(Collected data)
------

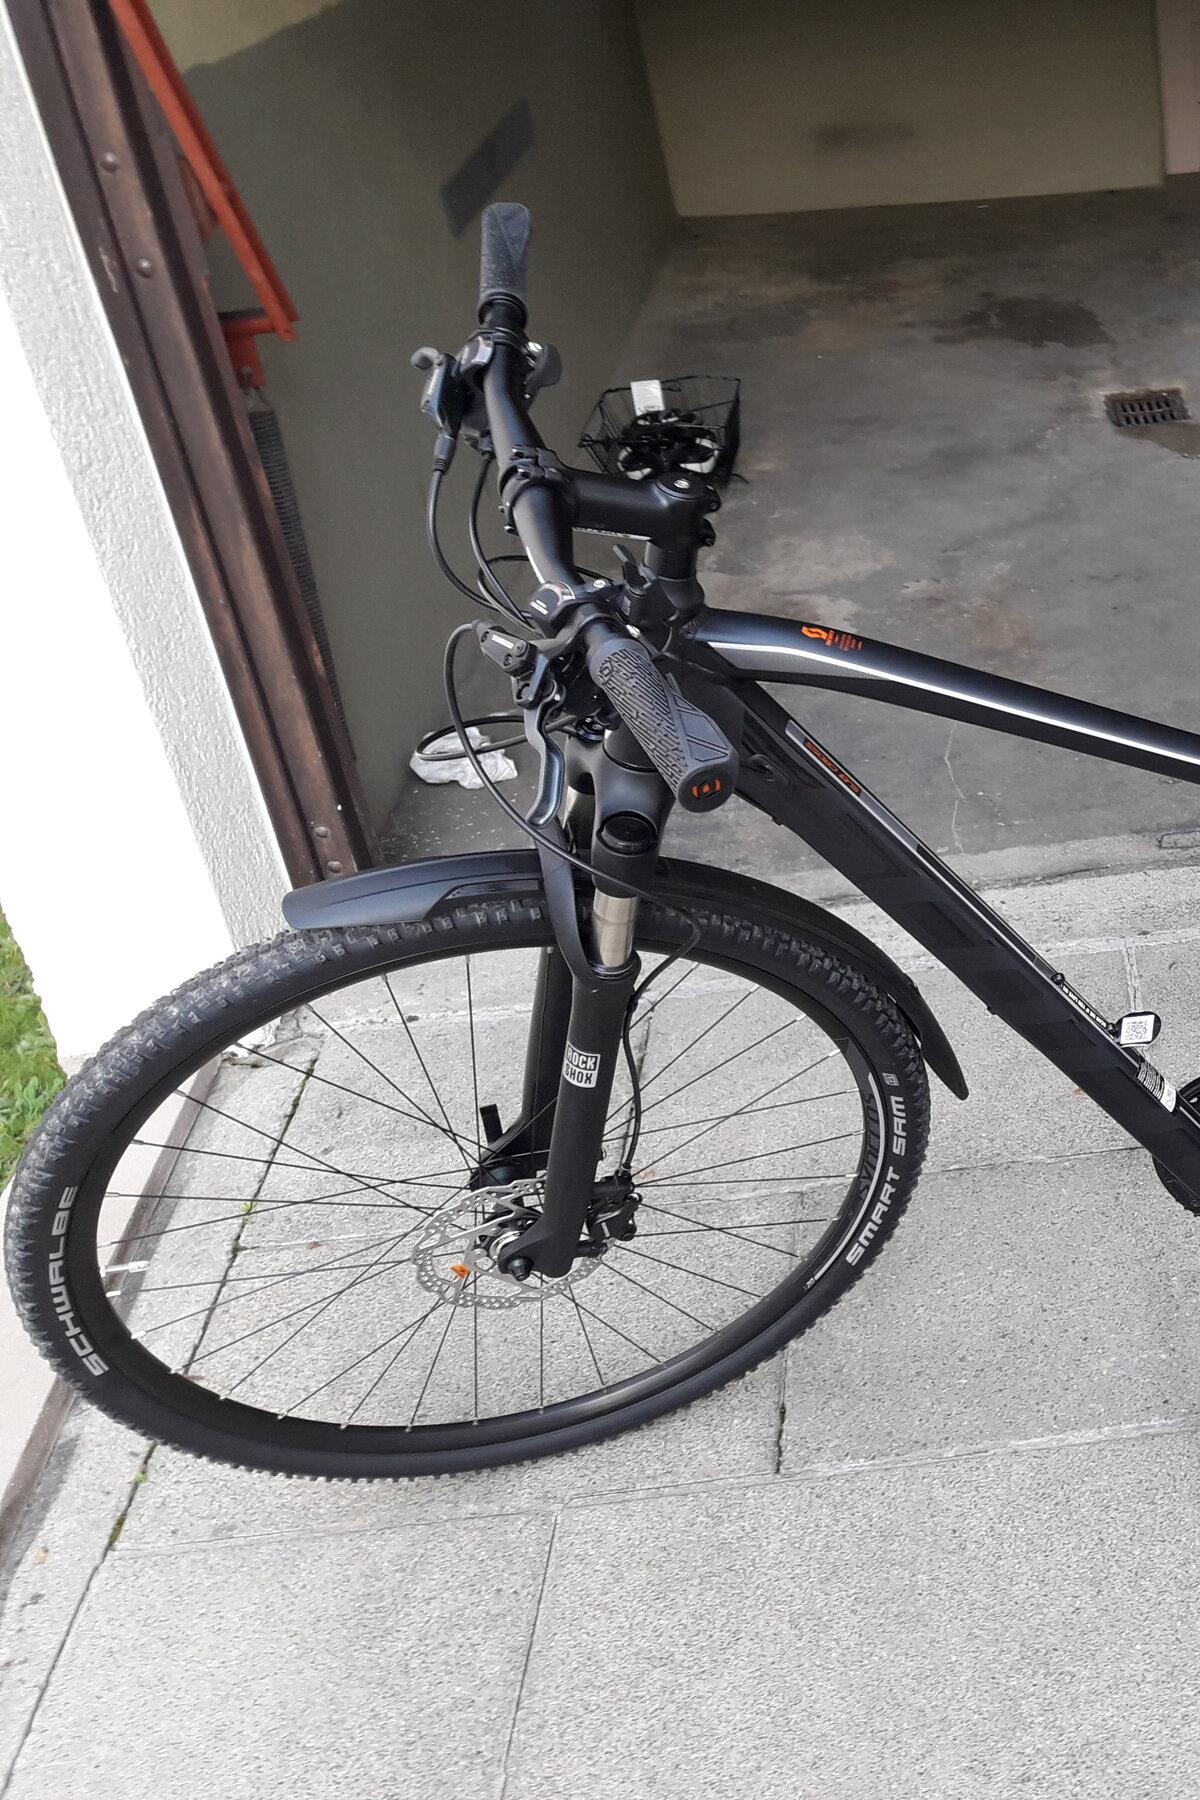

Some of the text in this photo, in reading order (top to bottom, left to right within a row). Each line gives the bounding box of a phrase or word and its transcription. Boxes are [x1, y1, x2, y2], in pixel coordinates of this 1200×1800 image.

[564, 1062, 593, 1085] SHOX
[567, 1046, 596, 1070] ROCK
[845, 1166, 900, 1266] SMART
[890, 1095, 907, 1157] SAM
[48, 1185, 110, 1376] SCHWALBE
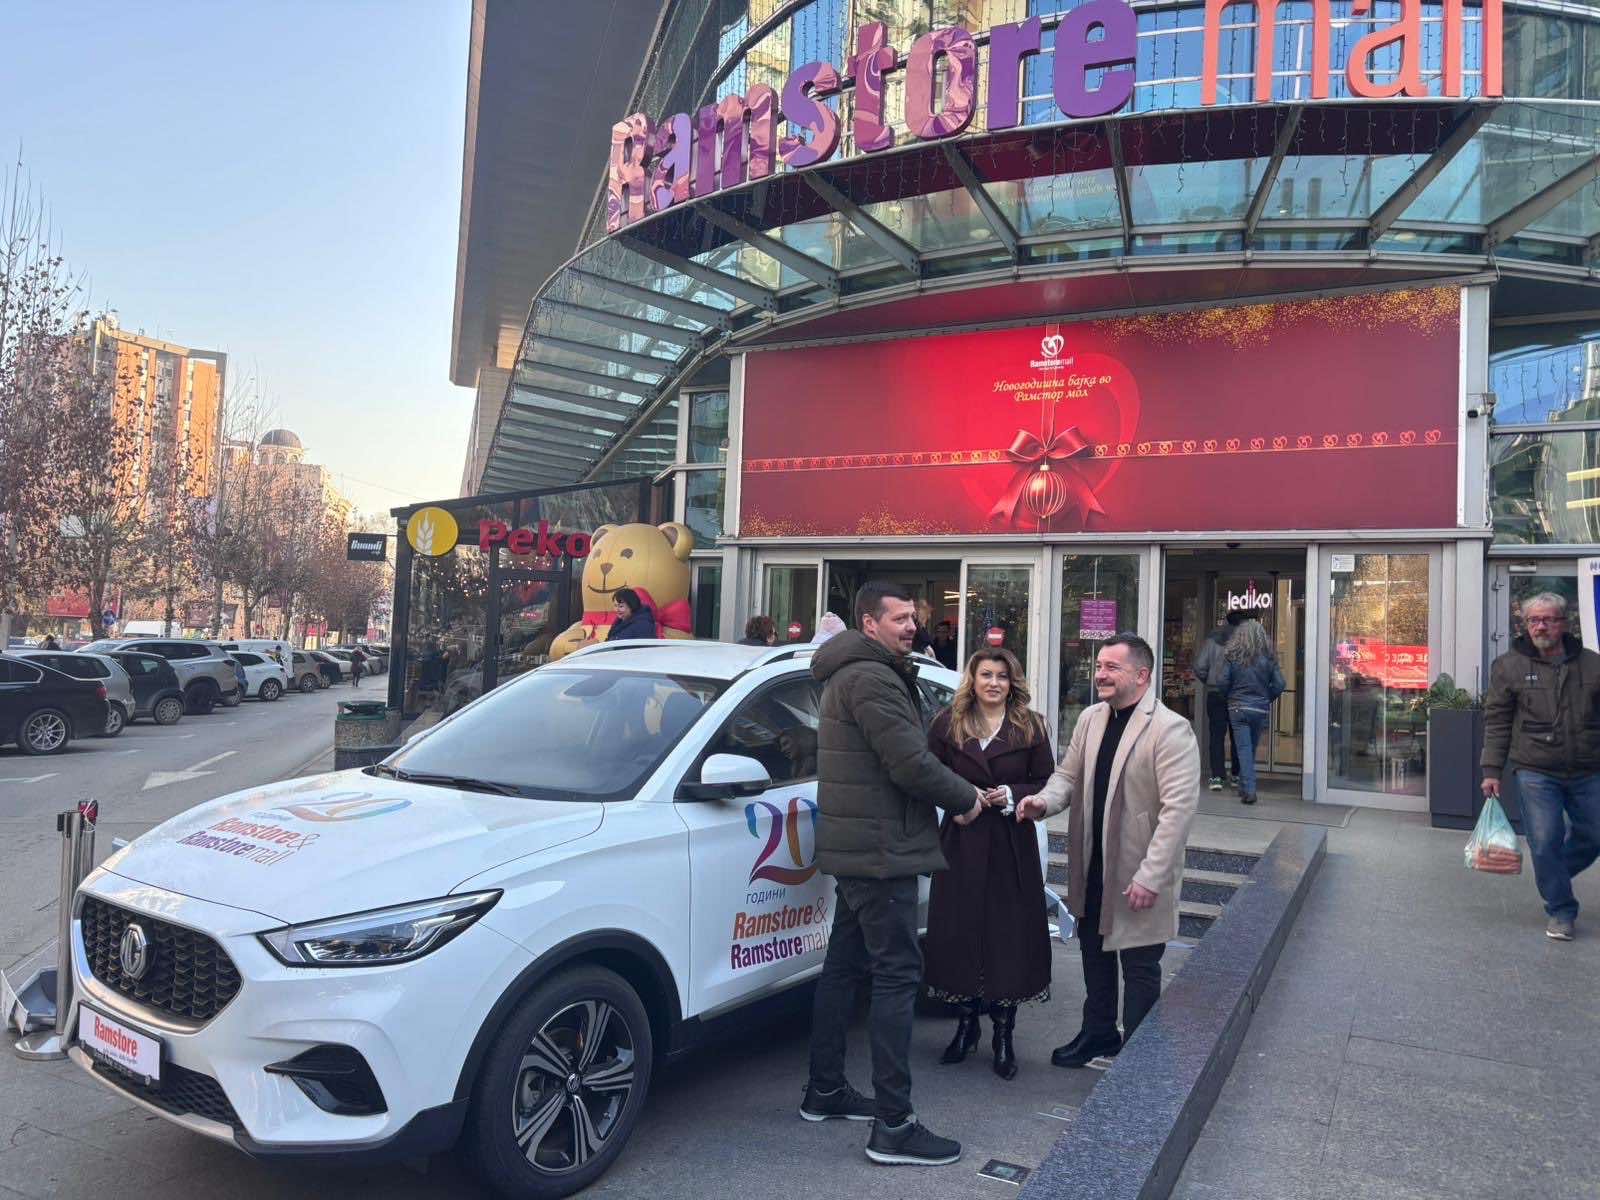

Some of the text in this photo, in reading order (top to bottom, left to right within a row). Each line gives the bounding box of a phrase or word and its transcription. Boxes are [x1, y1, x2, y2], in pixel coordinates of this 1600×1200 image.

[606, 0, 1504, 233] Ramstore mall
[993, 373, 1112, 392] Новогодишна бајка во
[1014, 389, 1089, 402] Рамстор мол
[744, 796, 818, 888] 20
[745, 886, 787, 905] години
[94, 1015, 138, 1057] Ramstore
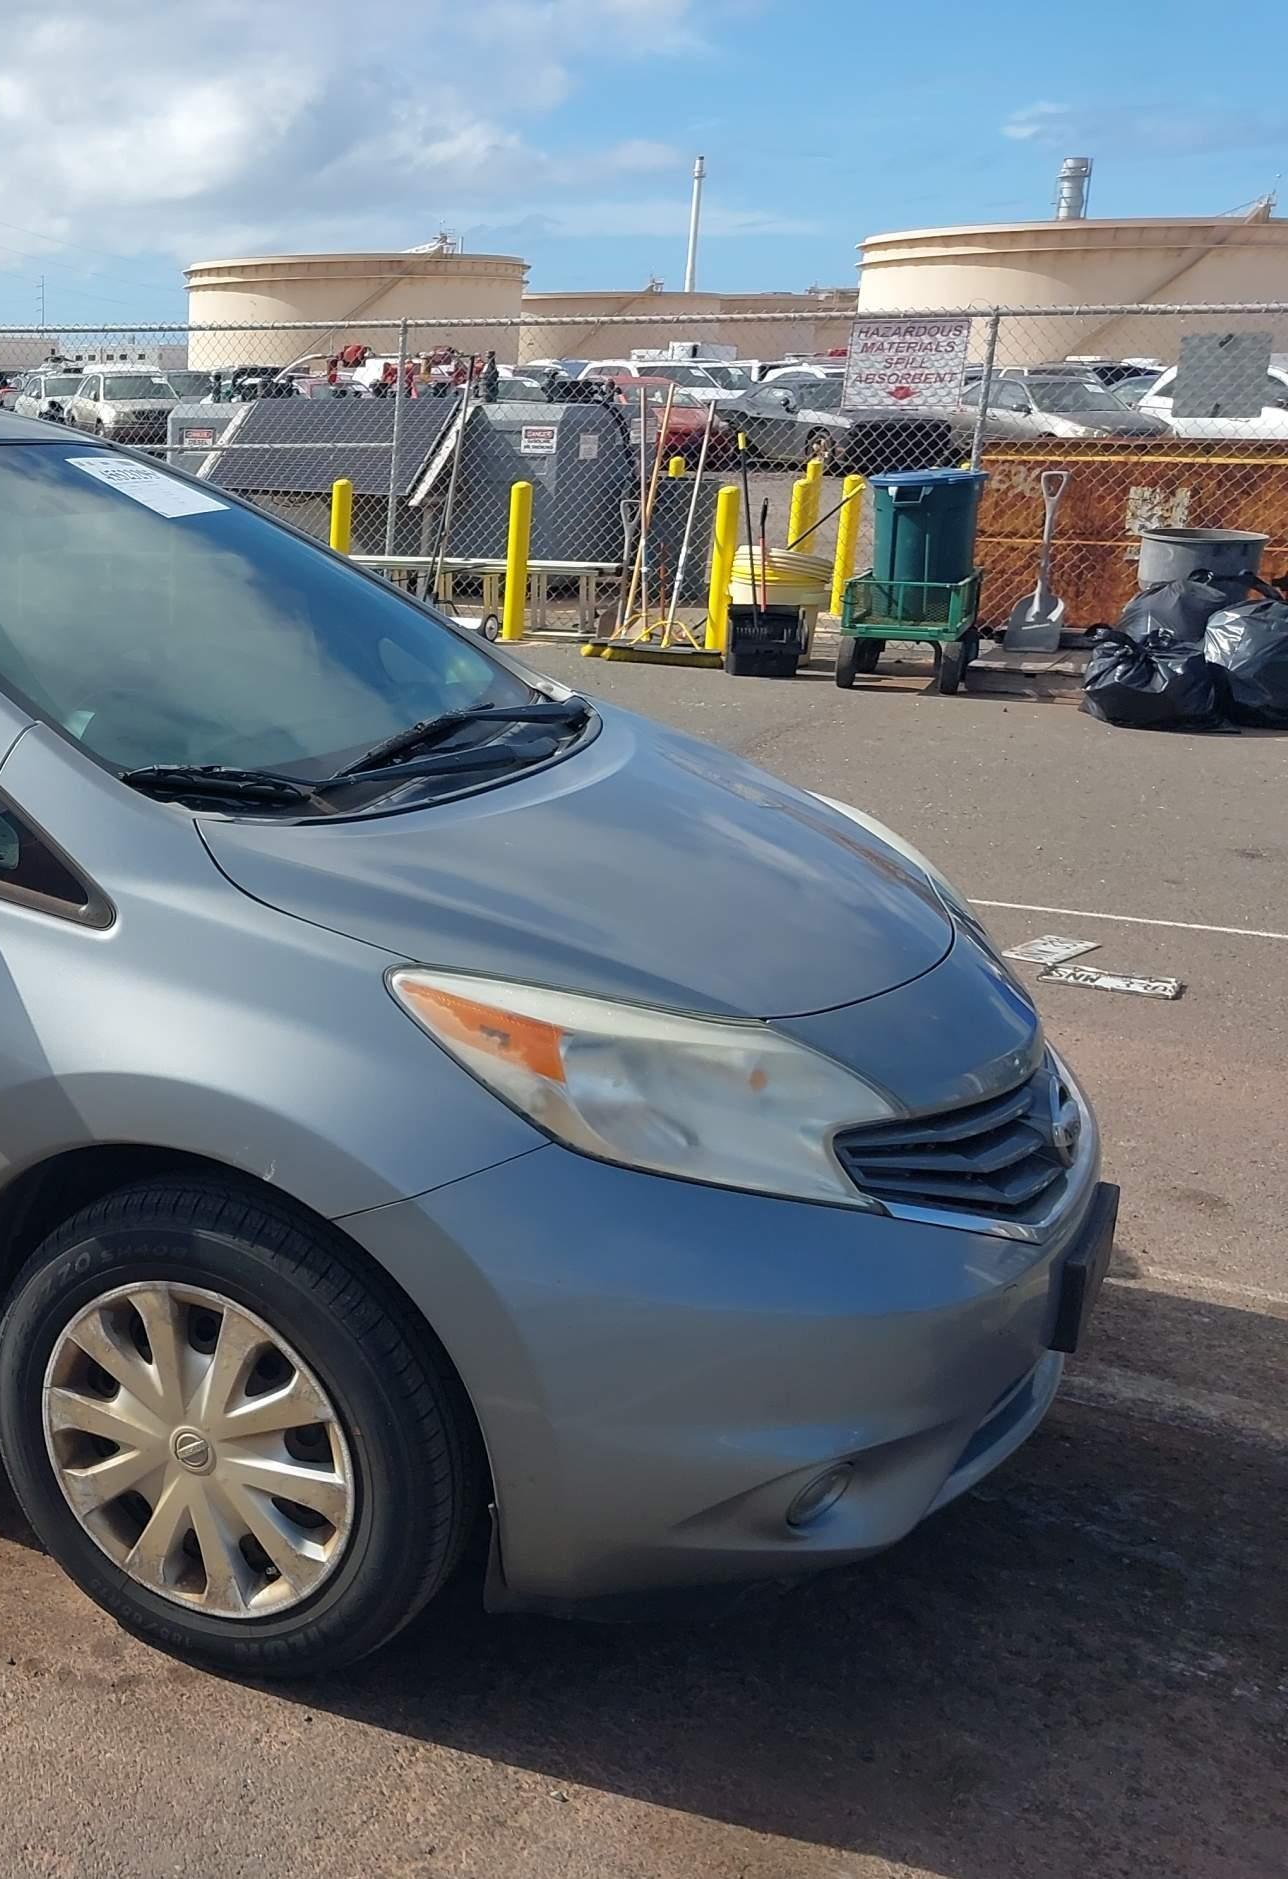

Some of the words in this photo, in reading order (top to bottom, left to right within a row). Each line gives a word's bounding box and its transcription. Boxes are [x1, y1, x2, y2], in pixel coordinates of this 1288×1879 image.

[857, 325, 964, 338] HAZARDOUS
[860, 341, 956, 353] MATERIALS
[883, 357, 930, 369] SPILL
[853, 373, 959, 385] ABSORBENT
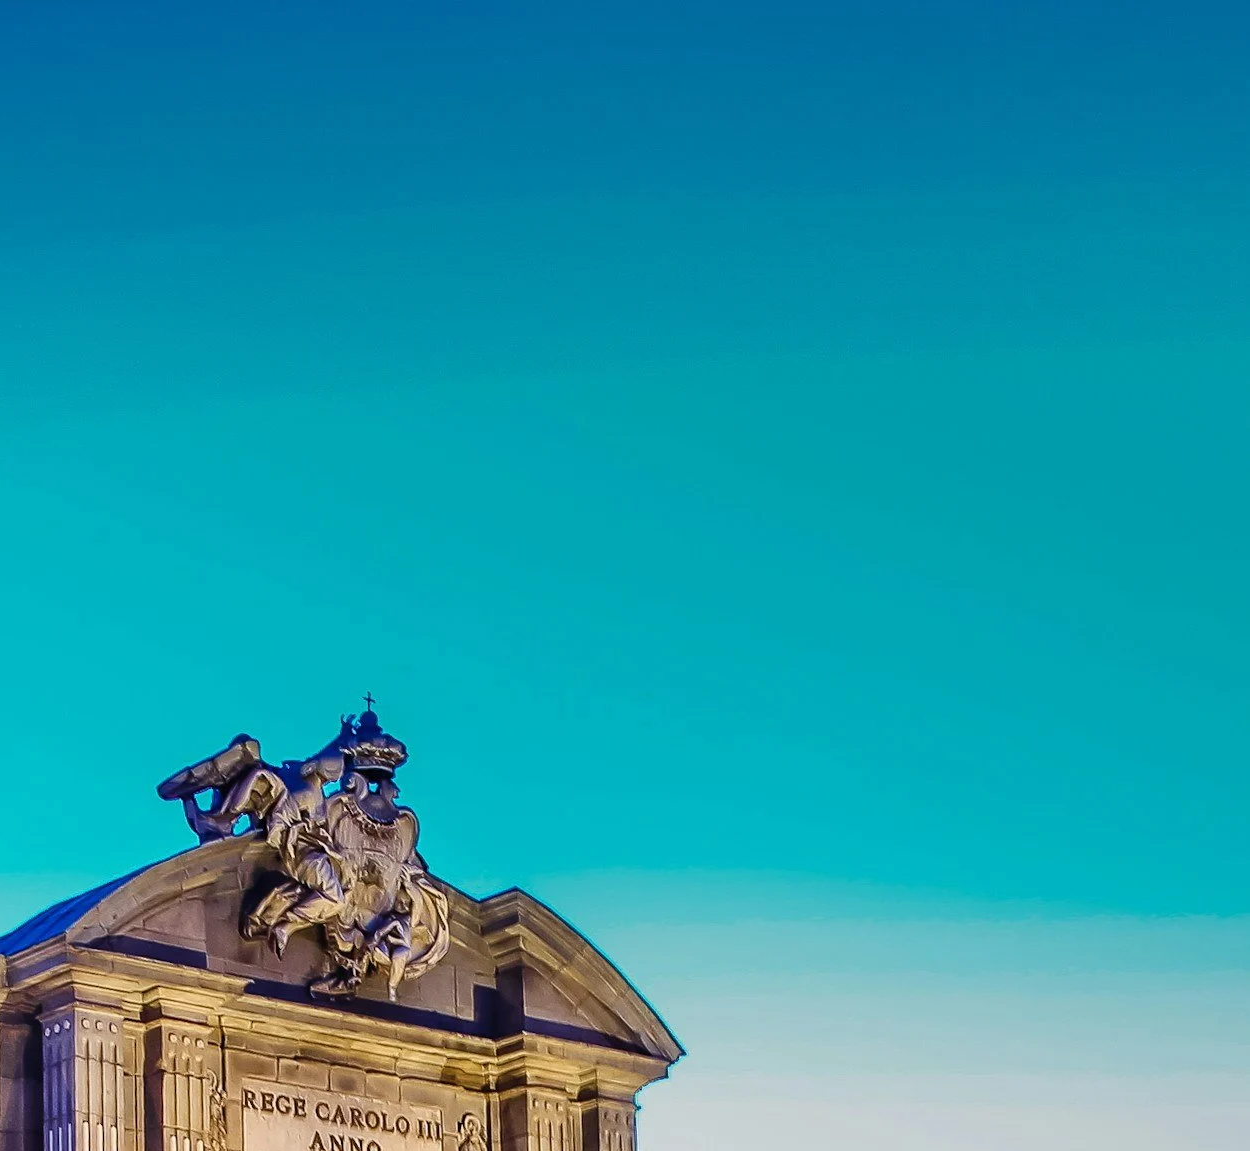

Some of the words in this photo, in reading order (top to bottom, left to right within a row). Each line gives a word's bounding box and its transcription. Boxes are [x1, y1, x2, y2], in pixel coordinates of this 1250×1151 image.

[243, 1088, 307, 1117] REGE
[315, 1102, 410, 1134] CAROLO
[417, 1119, 443, 1141] III

------

=== Work instructions ===
Transcribe each entry above without alteration, but keep the pictures out.

=== Exercise response ===
Some of the text in this photo, in reading order (top to bottom, left to right within a row). Each line gives the bounding box of a phrase or word and its transcription. Boxes are [x1, y1, x2, y2], in pixel coordinates of this 1200×1800 image.

[564, 1062, 593, 1085] SHOX
[567, 1046, 596, 1070] ROCK
[845, 1166, 900, 1266] SMART
[890, 1095, 907, 1157] SAM
[48, 1185, 110, 1376] SCHWALBE

Some of the text in this photo, in reading order (top to bottom, left to right within a row). Each line gives the bounding box of a phrase or word and its transcription. Boxes are [x1, y1, x2, y2], in pixel coordinates of this 1600×1200 image.

[606, 0, 1504, 233] Ramstore mall
[993, 373, 1112, 392] Новогодишна бајка во
[1014, 389, 1089, 402] Рамстор мол
[744, 796, 818, 888] 20
[745, 886, 787, 905] години
[94, 1015, 138, 1057] Ramstore

Some of the words in this photo, in reading order (top to bottom, left to right within a row). Each line gives a word's bounding box and its transcription. Boxes are [x1, y1, x2, y2], in pixel coordinates of this 1288×1879 image.

[857, 325, 964, 338] HAZARDOUS
[860, 341, 956, 353] MATERIALS
[883, 357, 930, 369] SPILL
[853, 373, 959, 385] ABSORBENT

Some of the words in this photo, in reading order (top to bottom, left to right within a row). Each line gives a word's bounding box and its transcription. Boxes are [x1, y1, x2, y2], in pixel coordinates of this 1250×1151 image.

[243, 1088, 307, 1117] REGE
[315, 1102, 410, 1134] CAROLO
[417, 1119, 443, 1141] III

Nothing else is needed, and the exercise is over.